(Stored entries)

○ ○ ○ ○ ○ ○ ○

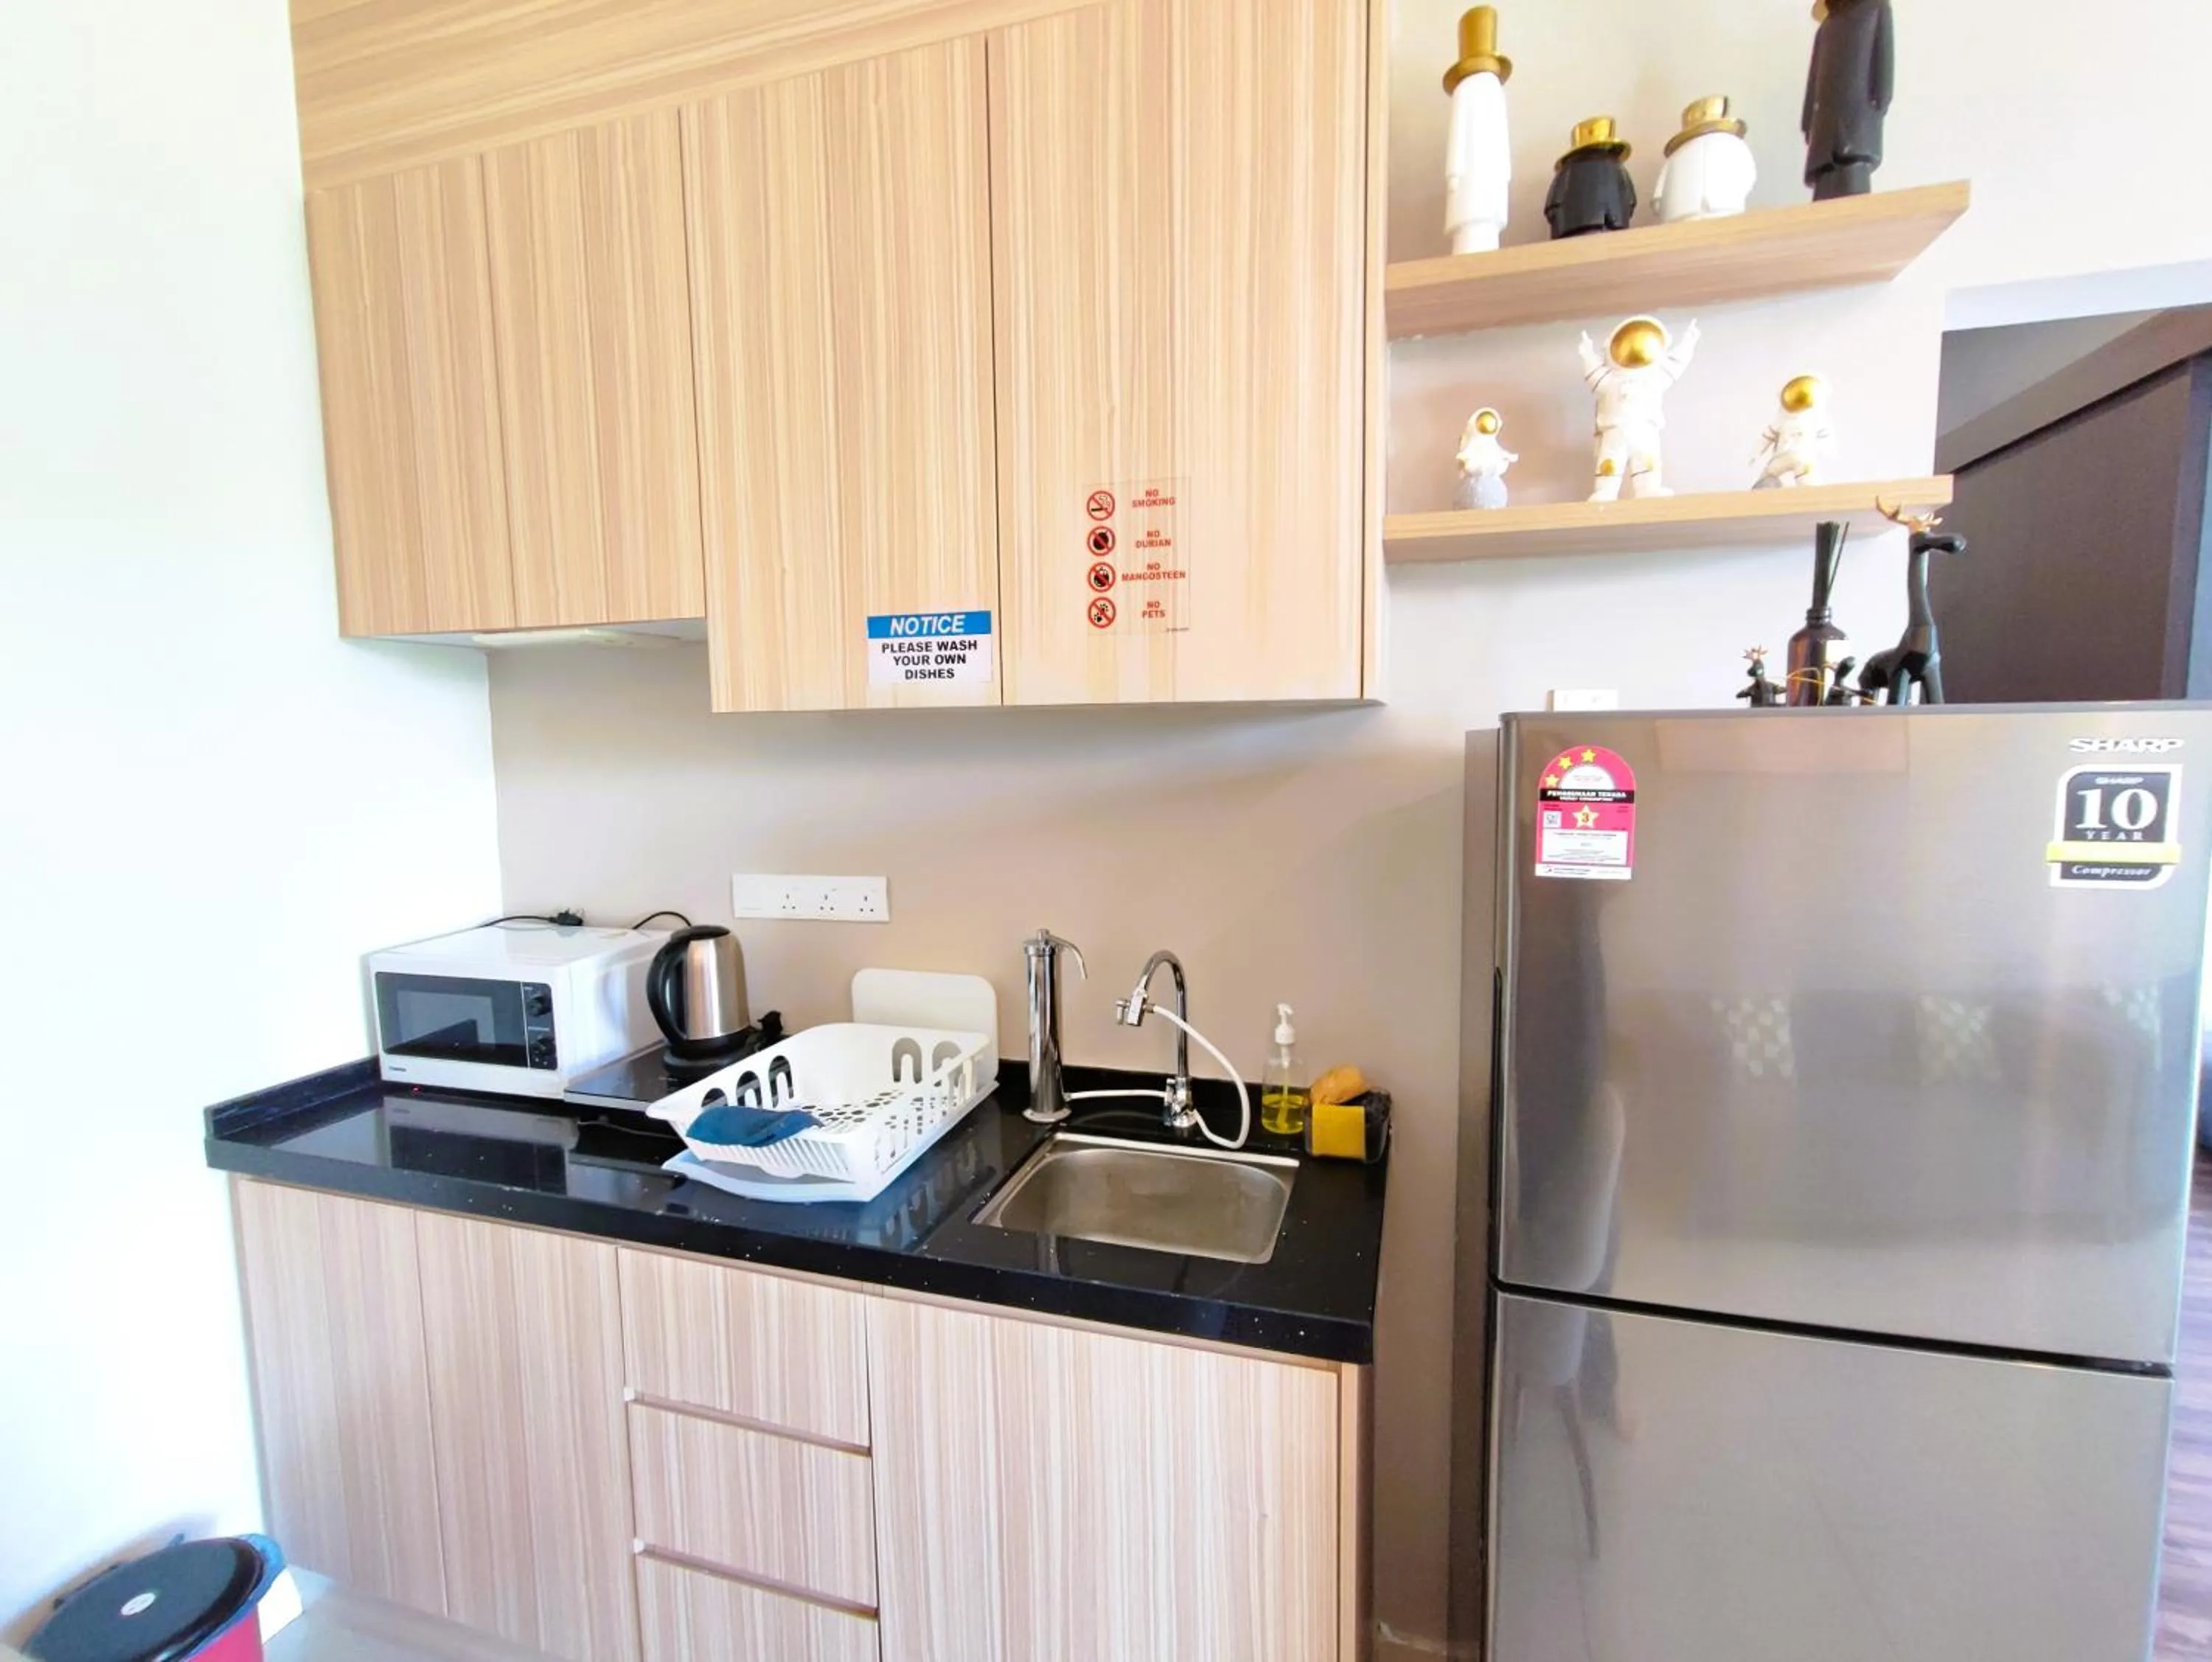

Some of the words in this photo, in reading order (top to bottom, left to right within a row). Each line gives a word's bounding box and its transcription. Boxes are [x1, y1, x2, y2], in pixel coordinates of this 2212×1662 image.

[1145, 489, 1159, 497] NO
[1132, 497, 1175, 507] SMOKING
[1135, 539, 1172, 549] DURIAN
[1121, 571, 1186, 582] MANGOSTEEN
[1142, 610, 1165, 619] PETS
[890, 615, 966, 636] NOTICE
[882, 641, 933, 653] PLEASE
[937, 640, 978, 651] WASH
[894, 655, 930, 666] YOUR
[935, 654, 966, 664] OWN
[905, 668, 955, 680] DISHES
[2068, 738, 2185, 753] SHARP
[2075, 788, 2159, 830] 10
[2086, 831, 2143, 841] YEAR
[2071, 864, 2152, 877] Compressor
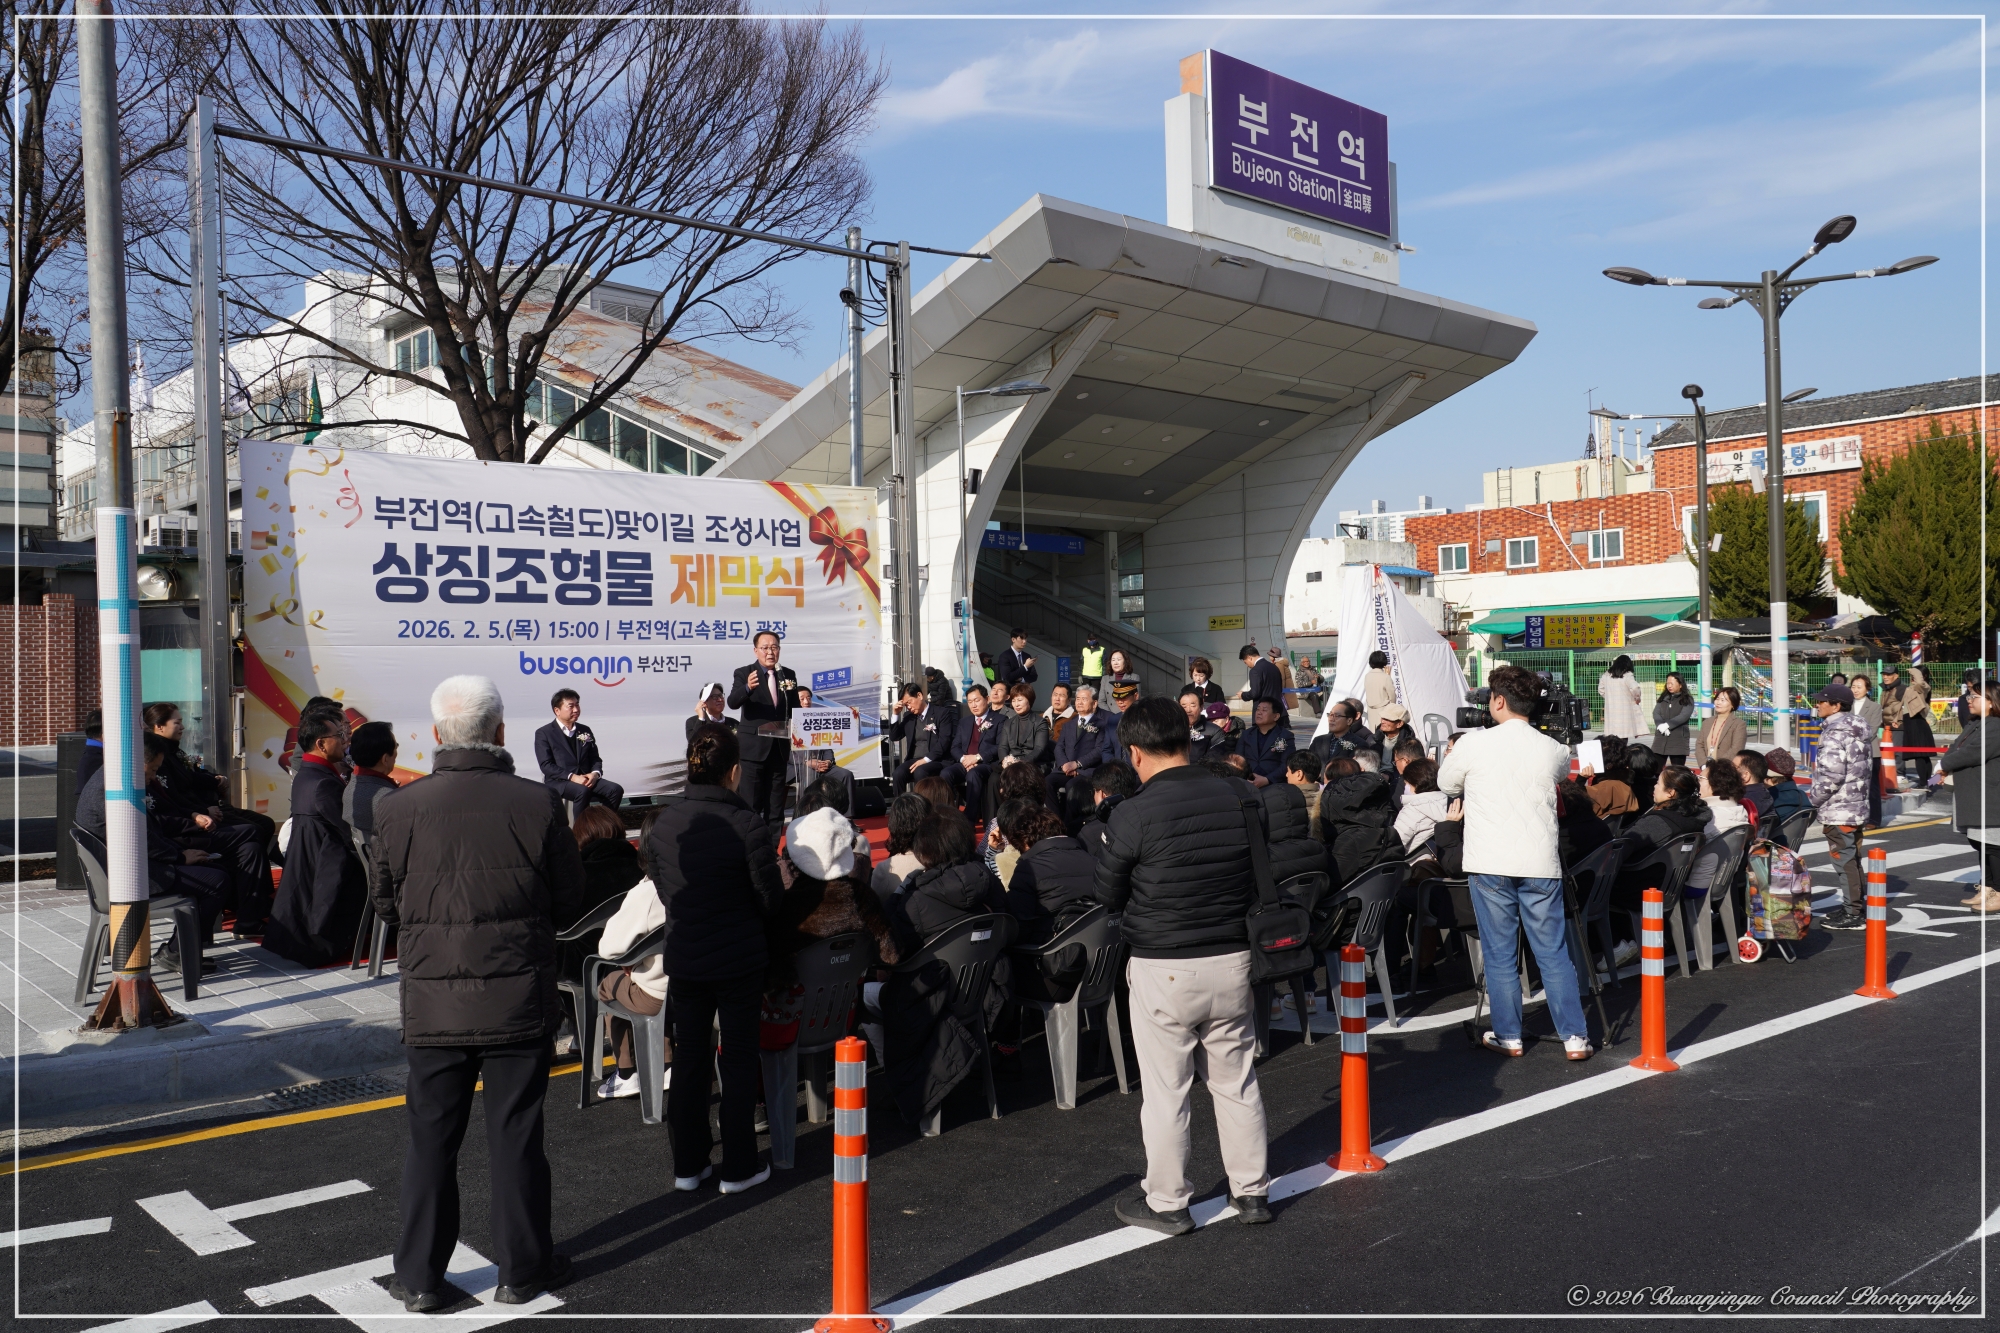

○ ○ ○ ○ ○ ○ ○

What you return must match the records line for line, with the pictures left out.

Some of the words in this photo, in reading order (top to bottom, left to right within a row). Each line gives a word's bounding box and its transcription. Boxes are [x1, y1, x2, y2], in pixel coordinates of this 2212×1662 image.

[1145, 489, 1159, 497] NO
[1132, 497, 1175, 507] SMOKING
[1135, 539, 1172, 549] DURIAN
[1121, 571, 1186, 582] MANGOSTEEN
[1142, 610, 1165, 619] PETS
[890, 615, 966, 636] NOTICE
[882, 641, 933, 653] PLEASE
[937, 640, 978, 651] WASH
[894, 655, 930, 666] YOUR
[935, 654, 966, 664] OWN
[905, 668, 955, 680] DISHES
[2068, 738, 2185, 753] SHARP
[2075, 788, 2159, 830] 10
[2086, 831, 2143, 841] YEAR
[2071, 864, 2152, 877] Compressor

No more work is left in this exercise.